Repeat every entry word for word, skipping the pictures.
= Beginning of Section =
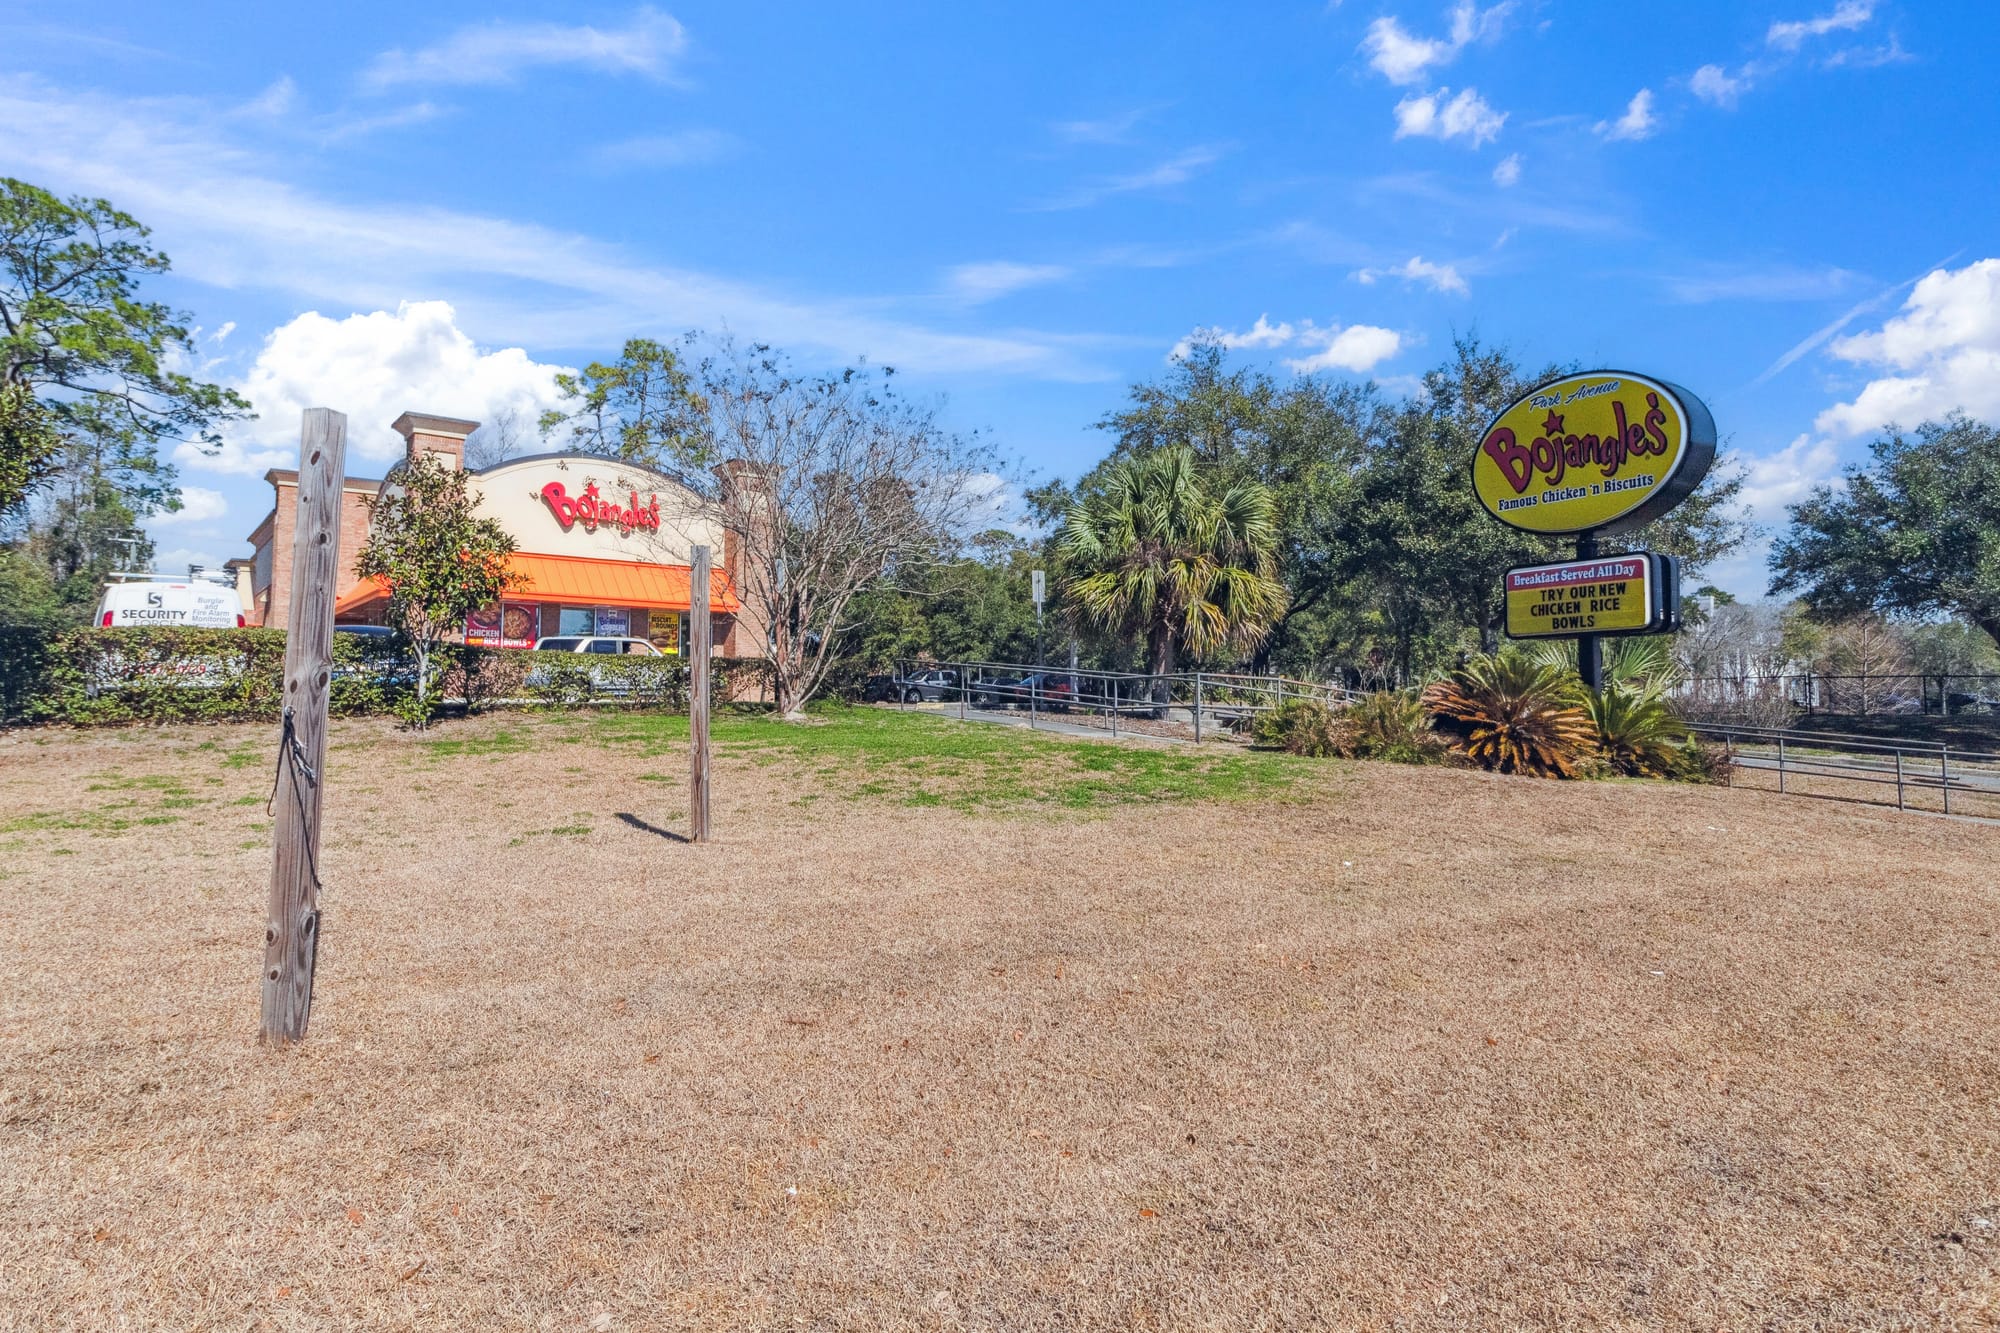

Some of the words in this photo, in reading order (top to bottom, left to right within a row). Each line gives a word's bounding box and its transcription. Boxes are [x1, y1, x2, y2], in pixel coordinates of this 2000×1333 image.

[1529, 392, 1560, 411] Park
[1565, 381, 1620, 404] Avenue
[1498, 495, 1537, 512] Famous
[1542, 486, 1586, 503] Chicken
[1604, 474, 1654, 493] Biscuits
[1514, 571, 1560, 586] Breakfast
[1561, 567, 1595, 581] Served
[1597, 565, 1613, 577] All
[1615, 564, 1636, 577] Day
[1540, 588, 1565, 602] TRY
[1570, 585, 1595, 600] OUR
[1599, 582, 1627, 597] NEW
[197, 597, 225, 605] Burglar
[1530, 602, 1581, 617] CHICKEN
[1590, 598, 1620, 612] RICE
[121, 609, 187, 619] SECURITY
[192, 616, 231, 624] Monitoring
[1552, 615, 1595, 630] BOWLS
[468, 628, 500, 637] CHICKEN
[483, 637, 500, 645] RICE
[503, 639, 527, 647] BOWLS
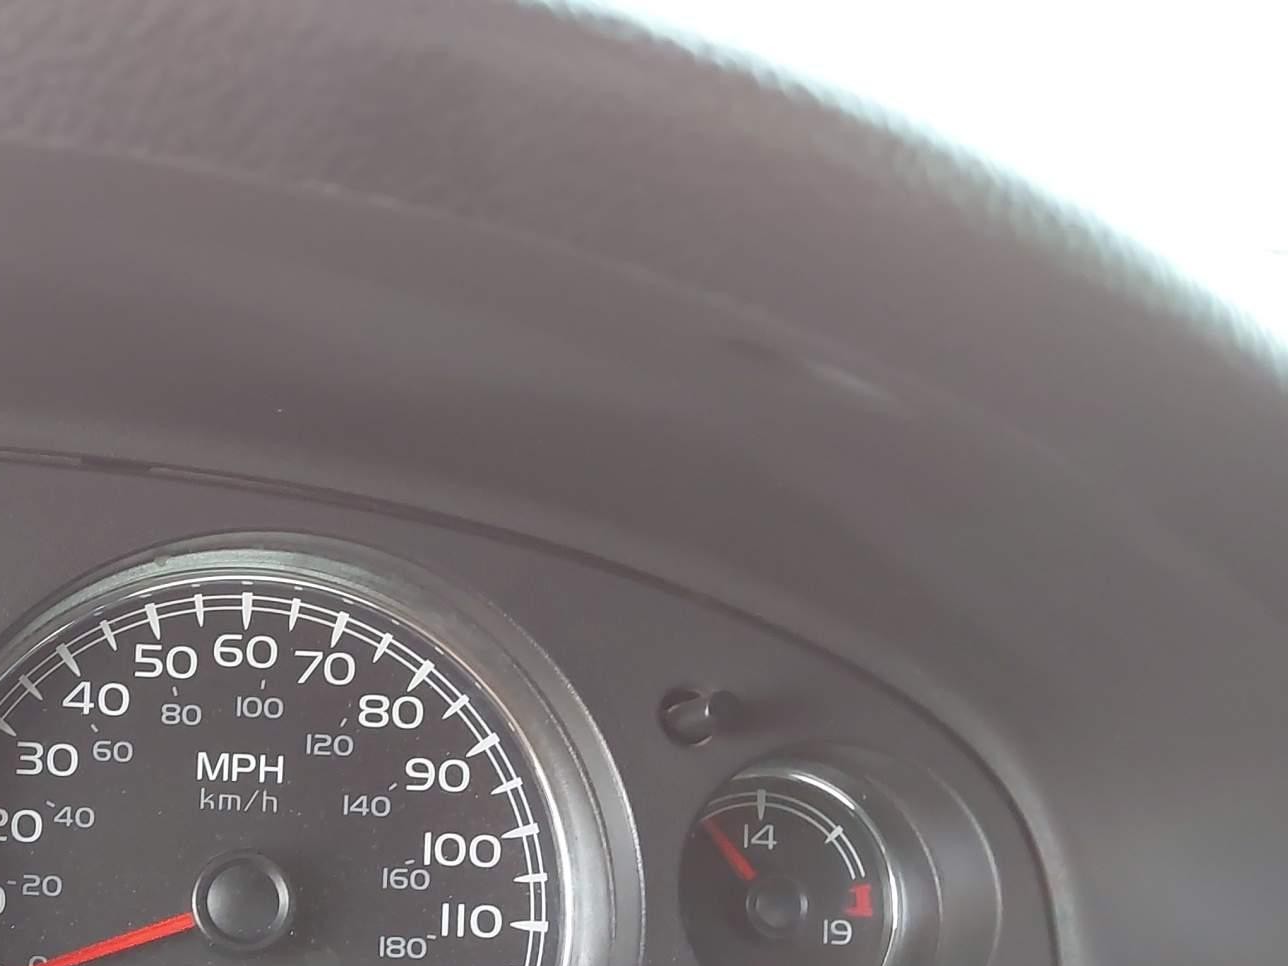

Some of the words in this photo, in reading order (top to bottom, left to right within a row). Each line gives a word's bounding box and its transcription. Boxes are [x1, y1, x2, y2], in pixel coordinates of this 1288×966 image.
= End of Section =
ANSWER FOR THE TASK ▸
Some of the words in this photo, in reading order (top to bottom, left to right within a row). Each line gives a word's bounding box and its transcription. Boxes are [x1, y1, x2, y2], in pixel coordinates of this 2000×1333 image.

[1529, 392, 1560, 411] Park
[1565, 381, 1620, 404] Avenue
[1498, 495, 1537, 512] Famous
[1542, 486, 1586, 503] Chicken
[1604, 474, 1654, 493] Biscuits
[1514, 571, 1560, 586] Breakfast
[1561, 567, 1595, 581] Served
[1597, 565, 1613, 577] All
[1615, 564, 1636, 577] Day
[1540, 588, 1565, 602] TRY
[1570, 585, 1595, 600] OUR
[1599, 582, 1627, 597] NEW
[197, 597, 225, 605] Burglar
[1530, 602, 1581, 617] CHICKEN
[1590, 598, 1620, 612] RICE
[121, 609, 187, 619] SECURITY
[192, 616, 231, 624] Monitoring
[1552, 615, 1595, 630] BOWLS
[468, 628, 500, 637] CHICKEN
[483, 637, 500, 645] RICE
[503, 639, 527, 647] BOWLS

Some of the words in this photo, in reading order (top to bottom, left to right within a row). Each line gives a word's bounding box and its transcription. Boxes are [x1, y1, x2, y2], in pixel coordinates of this 1288×966 image.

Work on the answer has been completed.